Musculoskeletal clinical topic of the month – A Cheerleader with a broken neck

VarieCervical spine injuries

Aetiology

The most common causes of cervical fractures and dislocations are motor vehicle accidents, falls, violence, and sports activities. High velocity anterior-posterior, lateral or rotatory force vectors of the neck, can cause ligamentous of bony disruption to the cervical spine. 

The resultant spinal cord injury and neurologic deficit, if it occurs, is the most devastating aspect of a cervical injury, primarily because it is often irreversible and permanent. The majority of spinal column and spinal cord injuries occur in males between the ages of 15 and 24 years old.

Pathophysiology

Cervical fractures and dislocations are typically classified according to their region/location and injury/fracture pattern. Collectively there is a large variety of pathology and classifications, some of which are listed below.

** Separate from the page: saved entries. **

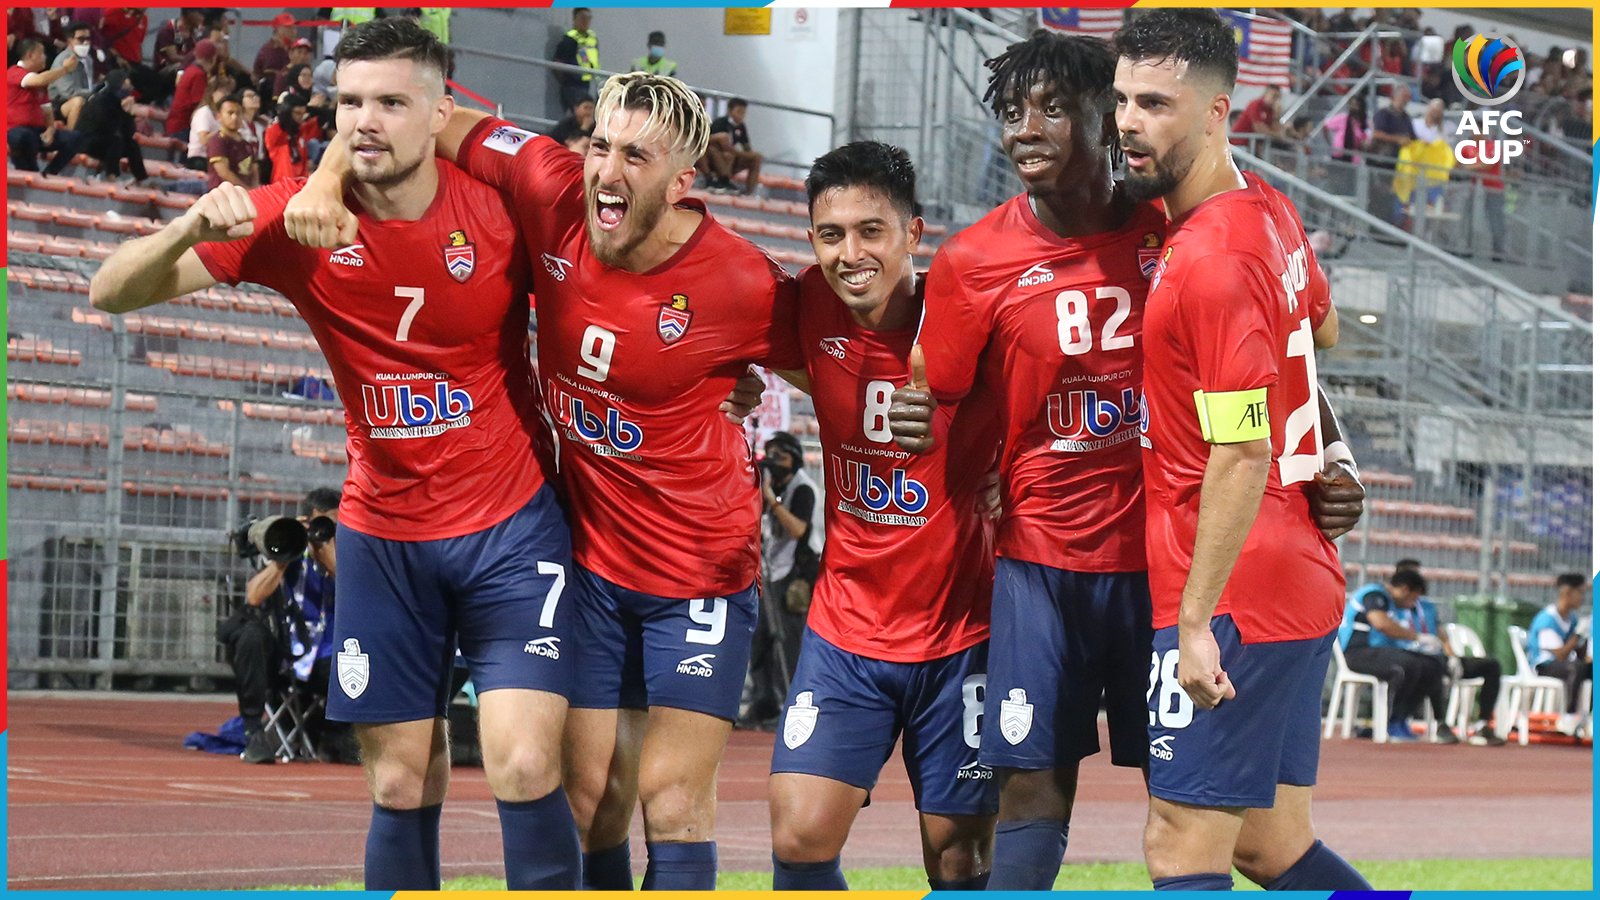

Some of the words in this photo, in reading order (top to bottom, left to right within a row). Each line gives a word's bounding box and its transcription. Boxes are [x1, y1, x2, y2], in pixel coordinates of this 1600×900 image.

[394, 285, 425, 342] 7
[1055, 286, 1134, 356] 82
[375, 373, 401, 381] KUALA
[401, 372, 434, 381] LUMPUR
[576, 324, 616, 383] 9
[556, 371, 578, 388] KUALA
[578, 383, 609, 399] LUMPUR
[1061, 374, 1087, 385] KUALA
[1087, 373, 1118, 383] LUMPUR
[361, 381, 475, 427] Ubb
[863, 380, 897, 444] 8
[370, 427, 421, 439] AMANAH
[841, 443, 863, 454] KUALA
[864, 448, 894, 458] LUMPUR
[895, 452, 911, 460] CITY
[1105, 425, 1141, 448] BERHA
[831, 453, 929, 514] Ubb
[877, 514, 928, 526] BERHAD
[536, 560, 566, 629] 7
[685, 597, 728, 646] 9
[962, 673, 987, 749] 8
[1146, 649, 1194, 729] 28
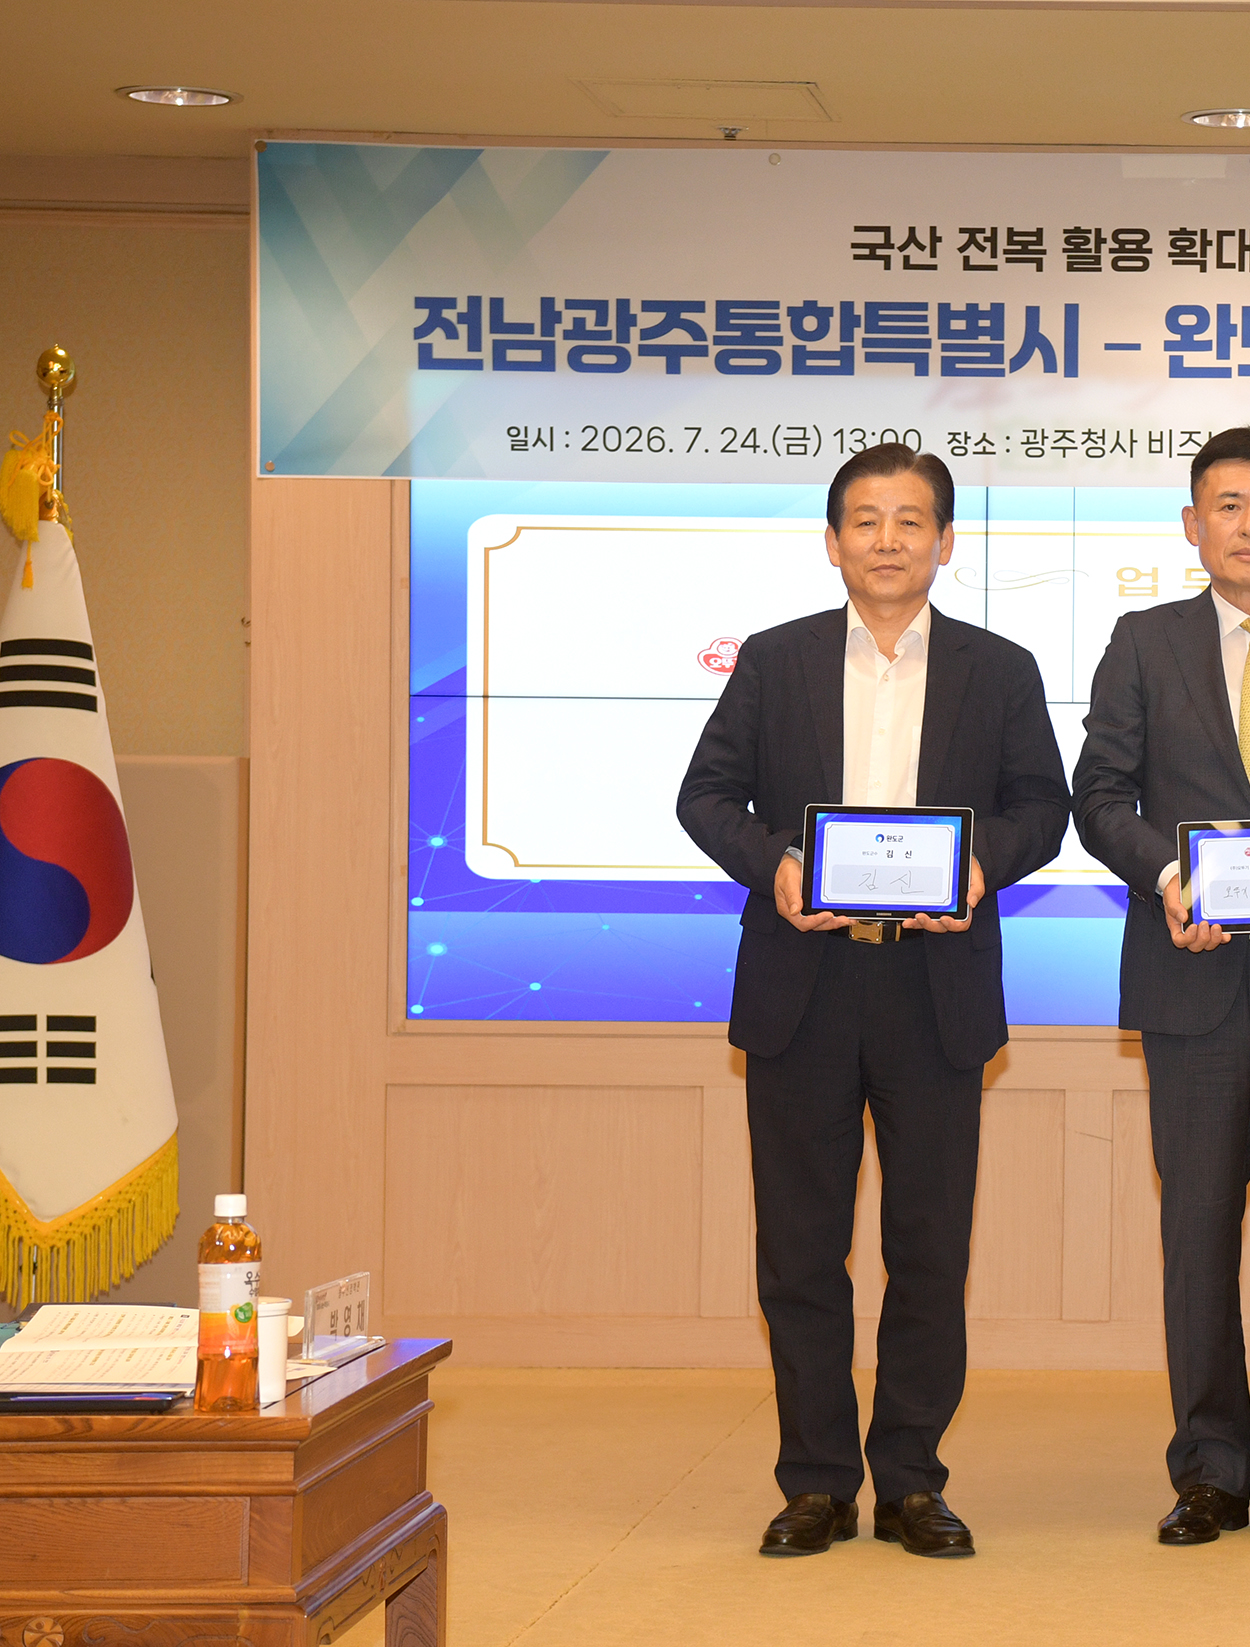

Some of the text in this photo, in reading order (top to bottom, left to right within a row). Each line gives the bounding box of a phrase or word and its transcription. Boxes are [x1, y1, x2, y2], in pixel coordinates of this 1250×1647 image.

[850, 225, 943, 271] 국산
[956, 226, 1047, 273] 전복
[1061, 226, 1153, 273] 활용
[413, 295, 1080, 379] 전남광주통합특별시
[506, 425, 555, 454] 일시
[581, 425, 674, 454] 2026.
[684, 427, 709, 455] 7.
[720, 425, 822, 459] 24.(금)
[946, 430, 997, 457] 장소
[1020, 428, 1138, 459] 광주청사
[708, 656, 738, 669] 오뚜
[886, 850, 893, 858] 김
[905, 850, 912, 858] 신

  • Occipital-cervical (occiput-C2)
    • Atlanto-Occipital Dislocation (AOD)
    • Occipital Condyle Fracture
    • Atlanto-Axial Instability
    • Atantoaxial Rotatory Subluxation
    • Atlas Fractures (C1)
    • Odontoid Fractures (C2 dens)
    • Traumatic Spondylolisthesis of the Axis (C2)
    • Axis Fractures (C2 vertebral body)
  • subaxial cervical spine (C3-C7) injuries
    • Distraction-Flexion (Facet fracture/dislocation)
    • Vertical Compression (Burst fracture)
    • Compression-Flexion (Teardrop fracture)
    • Compression-Extension
    • Distraction-Extension
    • Lateral Flexion

Within each of these categories, injuries are further stratified according to the specific location of injury and injury/fracture pattern.

Clinical history

Clinical history;

  • 21-year-old women cheerleader
  • Thrown into air during cheerleading lift (flyer position) and landed onto trampoline with neck in hyperextension
  • Did not hear any cracks or breaks at the time of landing but felt dizzy soon after
  • No focal neurological symptoms
  • Did not go to A+E for assessment or seek medical help
  • Complaining of stiffness and tension in neck over next few weeks
  • Symptoms improved but now stiffness in neck exacerbated by posture or sleeping in uncomfortable position
  • Came to LBSM 8 weeks after injury

Past Medical history;

  • BMI 22
  • Non-smoker
  • No history of previous spinal injury
  • Previously good bone health

Exercise history;

  • Cheerleading practice three times a week
  • Runs 5-10km twice a week
  • High level gymnast prior to cheerleading
  • Gym for strength and conditioning twice a week

Social history;

  • Studying at university
  • Imminently going on travelling GAP year 

Clinical examination;

  • Very good range of lumbar and thoracic rotation inhibited
  • Stiff in active range of cervical spine movement, particularly extension and left lateral flexion. 
  • Mild pain and stiffness on cervical rotation (but no onset of neurology)
  • Full power in all myotomes of the upper and lower limbs and full sensation in all dermatomes. 
  • Cranial nerve examination NAD

Next steps;

  • Suspected ligamentous injury to cervical spine with secondary paraspinal muscle spasm 

Imaging

MRI T2 weighted (taken 2 months after injury) sagittal sequence showing fracture and abnormal morphology of the superior odontoid peg.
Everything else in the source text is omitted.